THE SON
de Florian Zeller ****
Avec Hugh Jackman, Laura Dern, Zen McGrath, Vanessa Kirby, Anthony Hopkins
Nicholas a dix-sept ans et ne sait plus où il en est. Ses parents, Peter et Kate sont divorcés, Nicholas vit avec sa mère, son père s'est remarié avec Beth une femme plus jeune avec qui il vient d'avoir un bébé, Theo.
Kate vient de découvrir que son enfant merveilleux qui n'avait jamais posé le moindre problème et rayonnait comme un soleil ne va plus en cours depuis un mois. Elle l'annonce à Peter et ajoute que le garçon lui fait peur, qu'il pose sur elle un regard haineux. Elle accepte que Nicholas qui le souhaite aille désormais vivre chez son père. Il émet également le souhait de connaître son petit demi-frère. Peter tente de trouver quelques explications au comportement de Nicholas qui ne parvient pas à exprimer d'où vient son mal-être. Il semble que le divorce de ses parents soient pour lui un véritable traumatisme. Mais le mal est plus profond. Peu à peu, les parents en plein désarroi devant la souffrance indicible de leur fils découvre qu'il souffre d'une dépression sévère.

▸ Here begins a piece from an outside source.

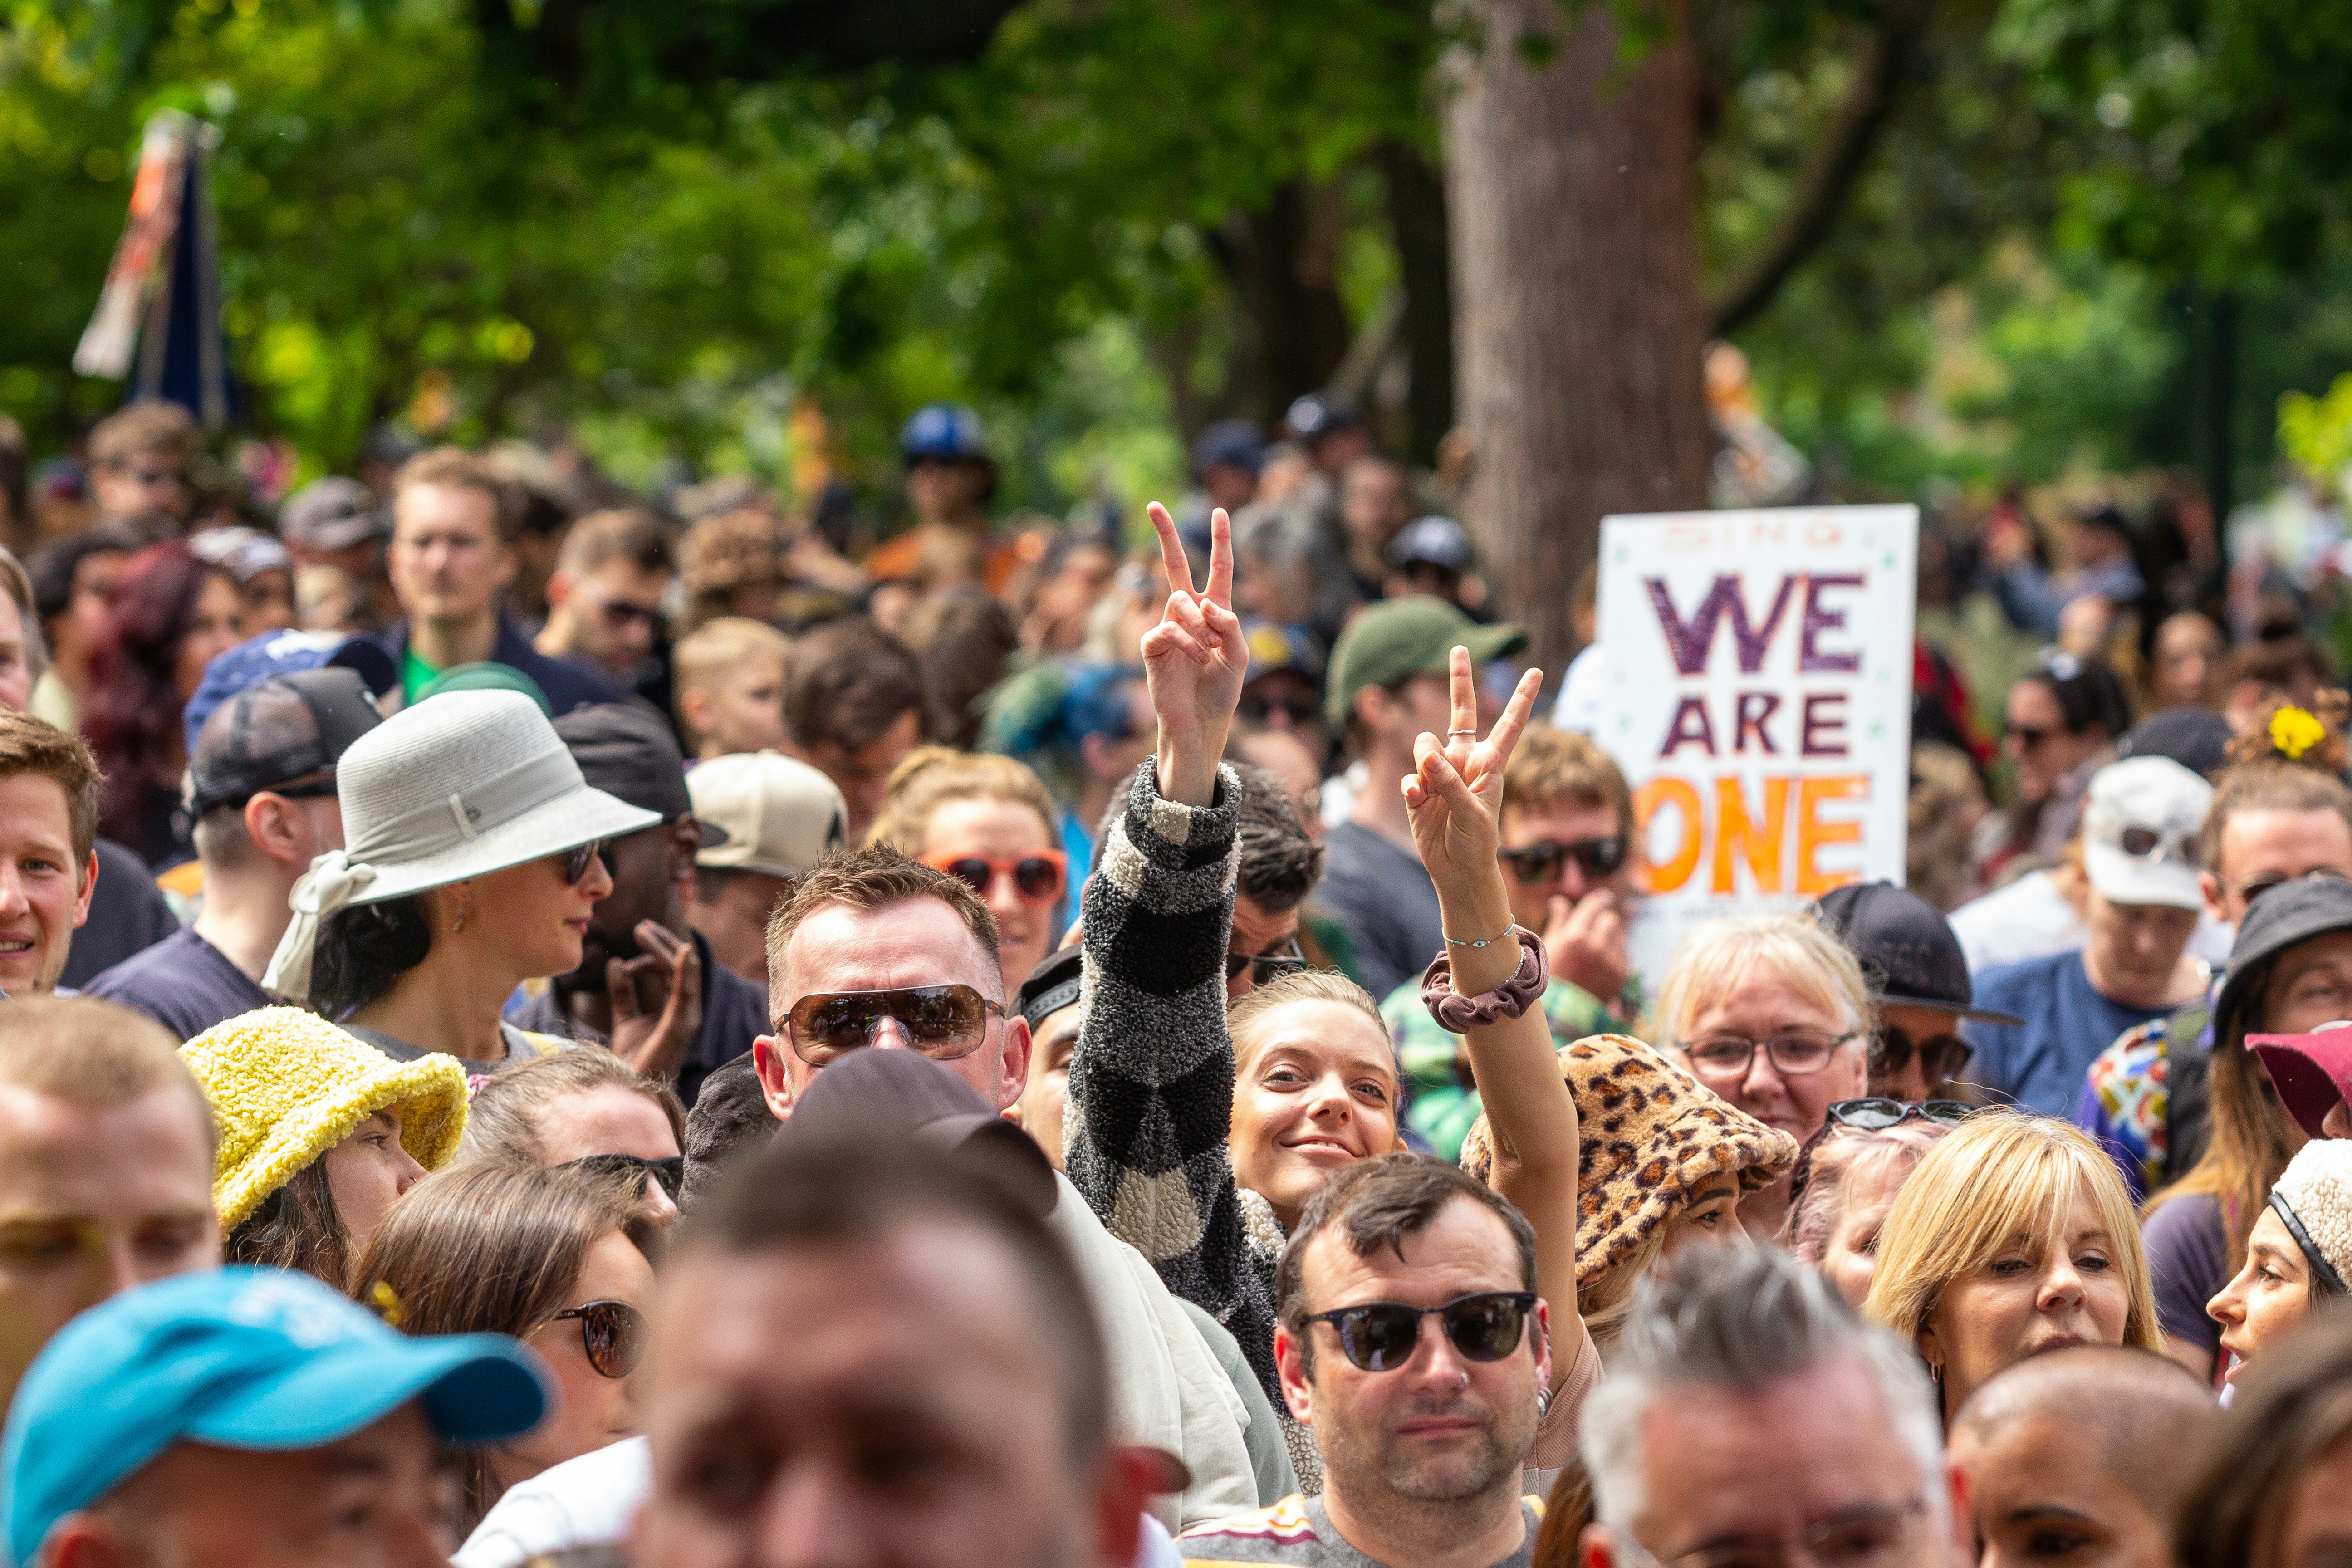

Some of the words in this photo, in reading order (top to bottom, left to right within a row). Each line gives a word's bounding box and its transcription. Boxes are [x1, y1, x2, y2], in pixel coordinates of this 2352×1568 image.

Après avoir exploré la dégénérescence sénile dans The Father (rôle pour lequel Anthony Hopkins a obtenu un Oscar) Florian Zeller s'attaque à un sujet sans doute encore plus délicat, la dépression adolescente. Et ce nouveau grand mélo qui déchire le coeur et m'a fait pleurer ce qu'il me restait de larmes m'a fortement évoqué une autre histoire d'ado en perdition. Mais si le Nicolas de My beautiful son souffrait d'addictions incontrôlables (drogues, alcool), Nicholas est en train de sombrer au fond d'un abîme insondable de tristesse qui se transforme parfois en désespoir. Dès la deuxième scène, face à son père qui lui demande de tenter d'expliquer ce qu'il ressent, ce qui le déconcerte, a-t-il des problèmes au lycée, a-t-il subi une rupture sentimentale, Nicholas, face caméra et face à son père qui se décompose devant ses révélations, laisse déverser son mal être. Dès cet instant j'ai commencé à verser toutes les larmes de mon corps et à chaque scène où Nicholas se laisse aller à des confidences, le flux a redoublé. Ce que Nicholas révèle est insoutenable pour un parent, c'est incompréhensible et dépasse l'imagination. Comment peut-on à dix-sept ans être fatigué de vivre, se sentir plus qu'inutile, pas à sa place, si seul au monde ? Comment aider ce garçon qui vit dans un milieu privilégié, ce dont on ne doute pas en voyant le luxe des appartements ? Et le film explore avec beaucoup de justesse ce fléau qu'est la dépression, maladie aussi injuste qu'énigmatique, puisqu'elle ne se "voit" pas et d'autant plus terrible quand elle touche un enfant qui perd peu à peu toute raison de vivre.
Nicholas incarne à la perfection l'adolescence comme s'il s'agissait d'une maladie. Après avoir cru à une embellie évoquée par une scène joyeuse et improvisée de danse au son de It's not unusual de Tom Jones on ne peut qu'observer aussi désarmés que les parents que le mal est profondément ancré. Peu à peu Nicholas disparaît de la scène puis la caméra revient sur son visage et son regard perdu, plongé dans un ailleurs au-delà des vivants. Le film est également le portrait d'un père fou de son enfant qui lui aussi a été et est toujours un fils. Il incarne avec éclat toute la réussite professionnelle possible. Peter se rendra avec hésitation chez son père, un père qui fut absent et a privilégié ses ambitions à sa famille. Anthony Hopkins (magistral en une scène qui ne figure pas dans la pièce dont le film est tiré, mais est juste le prétexte pour retrouver cet acteur de génie) incarne cet homme froid, cassant, injuste. Alors que Peter venait peut-être chercher quelque consolation ou une forme de réconciliation, il se heurte à un mur de cynisme. La scène est glaçante, le visage de Peter se décompose devant tant de brutalité.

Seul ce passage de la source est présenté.